Figure 2. (A,B) The REMEBOT and (C,D) the CAS-R-2 use scalp markers for registration. The patient’s head is prepared for skin adhesion to the scalp markers before surgery (E,F). The ROSA robot uses facial laser scanning for registration; it automatically performs a face scan followed by image reformation. Magnetic resonance imaging and computed tomography of the head are performed and fused with the surgical planning procedure, and the images are transmitted to the surgical robotic procedure planning system. This system is capable of establishing and maintaining a case history, entering and demonstrating data in Digital Imaging and Communications in Medicine format, performing three-dimensional reconstruction for visualization, and planning the puncture tract. The patient’s head is fixed with a plastic pillow or Mayfield head frame after induction of general anesthesia. The mechanical arm substitutes for a stereotactic arc and is used to hold the probe with which the surgeon finally performs the stereotactic procedure. The surgeon performs depth measurements using the depth of the probe.
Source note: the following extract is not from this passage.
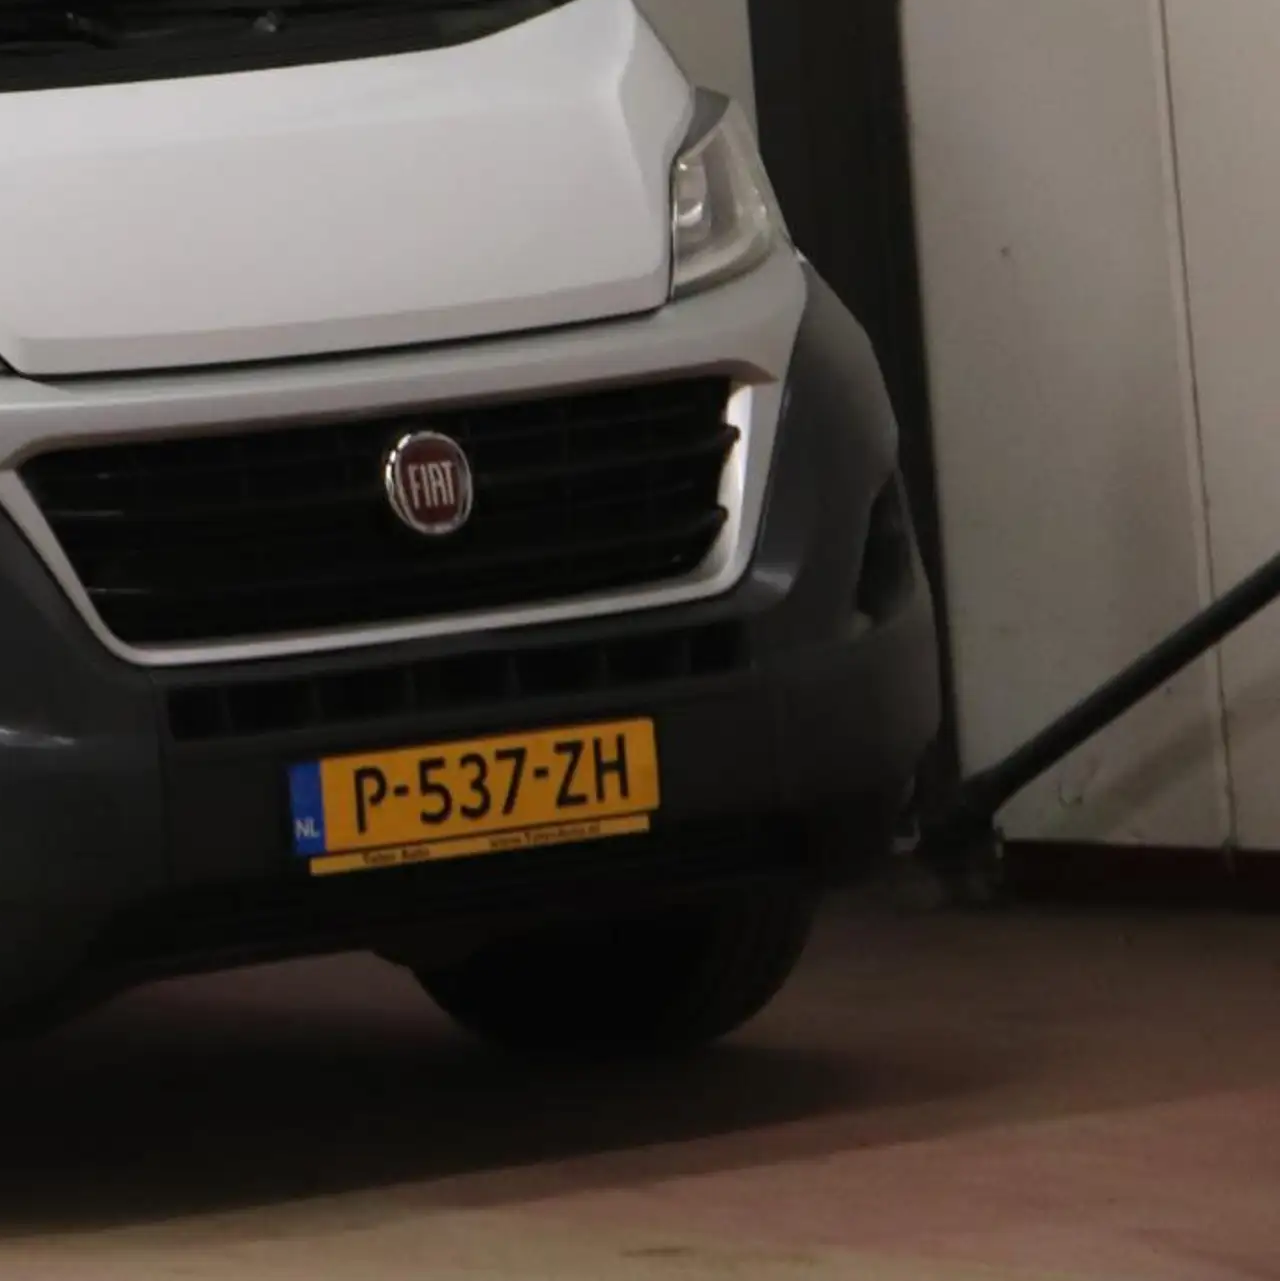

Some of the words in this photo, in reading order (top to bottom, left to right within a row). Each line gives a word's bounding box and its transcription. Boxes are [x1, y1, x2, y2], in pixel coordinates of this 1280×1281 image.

Safety and efficacy evaluation

The cranial CT images are routinely reviewed on postoperative day 1 to determine the status of the path within the target lesion target. A puncture tract or air bubble shadow is usually visible early after the biopsy, helping to determine the accuracy of the extraction site and rule out surgical complications such as intracranial hemorrhage. The postoperative CT images are fused with the preoperatively planned target, and measurements of entry point and target point are compared to calculate error values. The yellow lines represent the biopsy trajectory planned preoperatively. The cross at the end of yellow lines represent the target point. Burr hole is the actual biopsy trajectory of the operation. Air bubble shadow is the real target. Because that three-dimensional (3D) visualization technology of cranial bone and take the target path as the axis with rotate 360 degrees of each level as the average of the measurement of the entry point and target point error (Figure 3).

FIGURE 3

Figure 3. Measurement of entry point and target point error based on preoperatively planned target and on the fusion of postoperative CT to the preoperative dataset.

Statistical analysis

The factor variables, diagnostic rates, and validity of robot-guided brain biopsies were retrospectively analyzed. Demographic information; clinical, imaging, and histopathological findings; and information on the different biopsy modalities, duration of the procedure, and postoperative complications were collected for all patients. The t-test was performed, and the odds ratio and 95% confidence interval were calculated. Multiple linear regression was used to determine the correlates affecting the rate of diagnosis. A p value of <0.05 was considered statistically significant.

Results

Procedural outcomes and complications

All patients in this study had a CT scan within the first 24–48 h after the biopsy, which was matched with preoperative images to verify the accuracy of puncture, with a positive diagnostic rate of 93.86% (25/407). Twenty-five patients had negative diagnostic findings (inconclusive in 22 and normal brain tissue in 3) (Table 1). Five patients underwent a second stereotactic biopsy. Four underwent an open biopsy, and a successful histological diagnosis was established. The remaining 10 patients failed to undergo re-biopsy, 5 of these patients were treated by default, and 2 were treated empirically with steroids. The overall postoperative complication rate was 0.98%, and the most notable complications were bleeding at the biopsy site in three patients and cerebral edema in one. Two patients had asymptomatic bleeding (<10 mL) at the puncture site on postoperative CT. No increase in bleeding was seen on re-examination, and no special treatment was given.

TABLE 1

Table 1. Distribution of brain biopsy lesions, surgical complications and histopathological findings in 407 cases.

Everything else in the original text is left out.